[DATA SUPPLIED Boundary: Start]

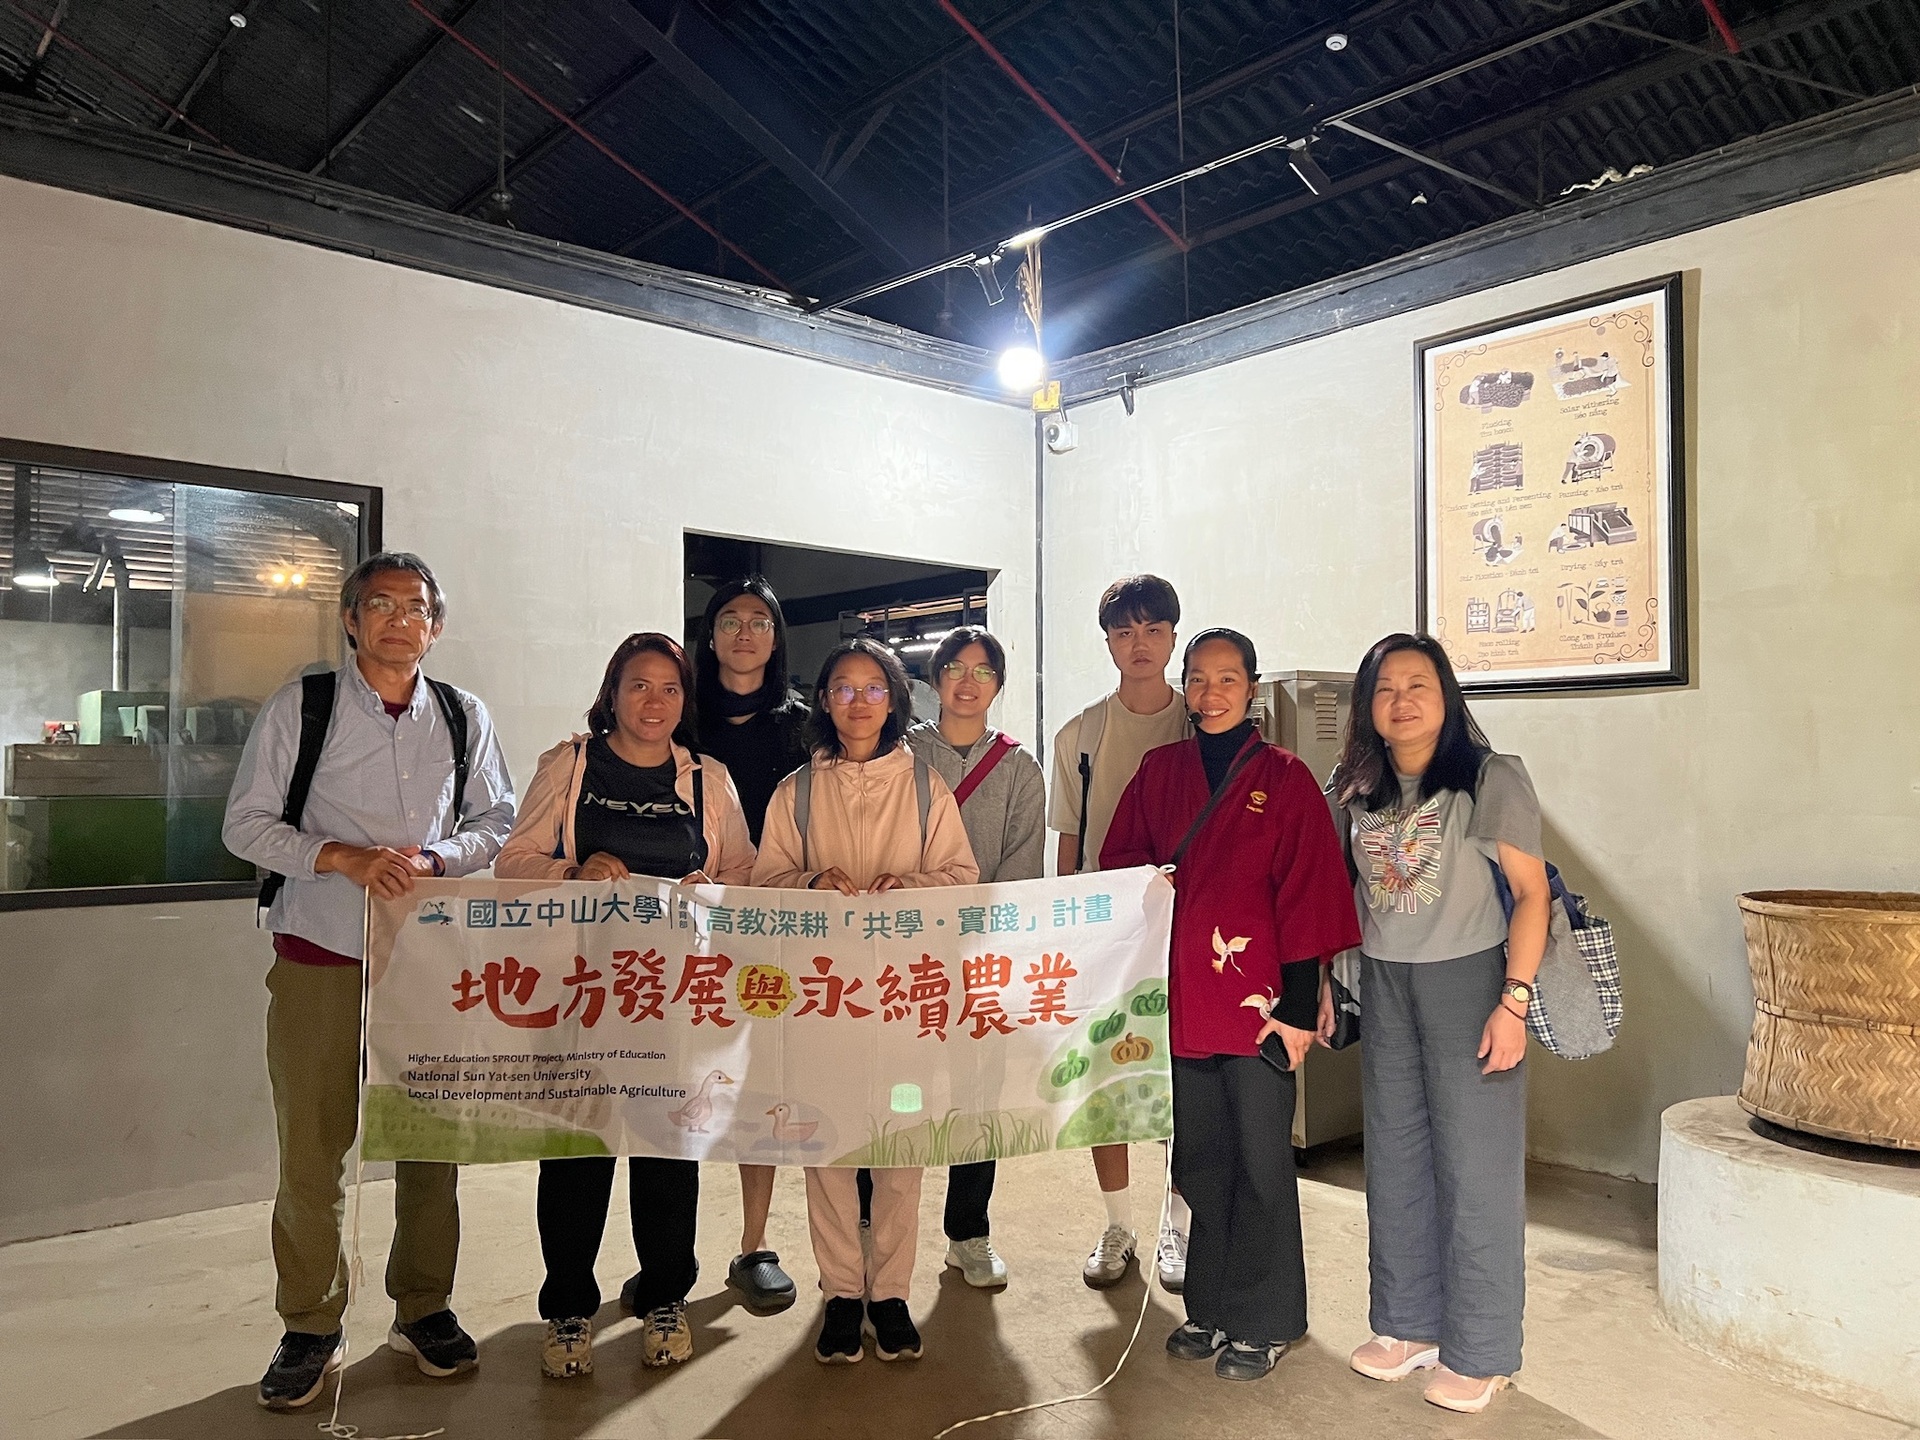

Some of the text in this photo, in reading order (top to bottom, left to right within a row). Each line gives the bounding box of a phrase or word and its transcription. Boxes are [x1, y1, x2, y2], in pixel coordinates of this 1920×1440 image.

[467, 893, 662, 928] 國立中山大學
[451, 948, 1079, 1042] 地方發展與永續農業
[408, 1049, 666, 1065] Higher Education SPROUT Project, Ministry of Education
[407, 1068, 592, 1082] National Sun Yat-sen University
[408, 1083, 686, 1102] Local Development and Sustainable Agriculture

[DATA SUPPLIED Boundary: End]

▸ AIM OF THE TASK:
Restate the data above exactly, stripping out each image.

▸ EXERCISE RESULT:
Some of the text in this photo, in reading order (top to bottom, left to right within a row). Each line gives the bounding box of a phrase or word and its transcription. Boxes are [x1, y1, x2, y2], in pixel coordinates of this 1920×1440 image.

[467, 893, 662, 928] 國立中山大學
[451, 948, 1079, 1042] 地方發展與永續農業
[408, 1049, 666, 1065] Higher Education SPROUT Project, Ministry of Education
[407, 1068, 592, 1082] National Sun Yat-sen University
[408, 1083, 686, 1102] Local Development and Sustainable Agriculture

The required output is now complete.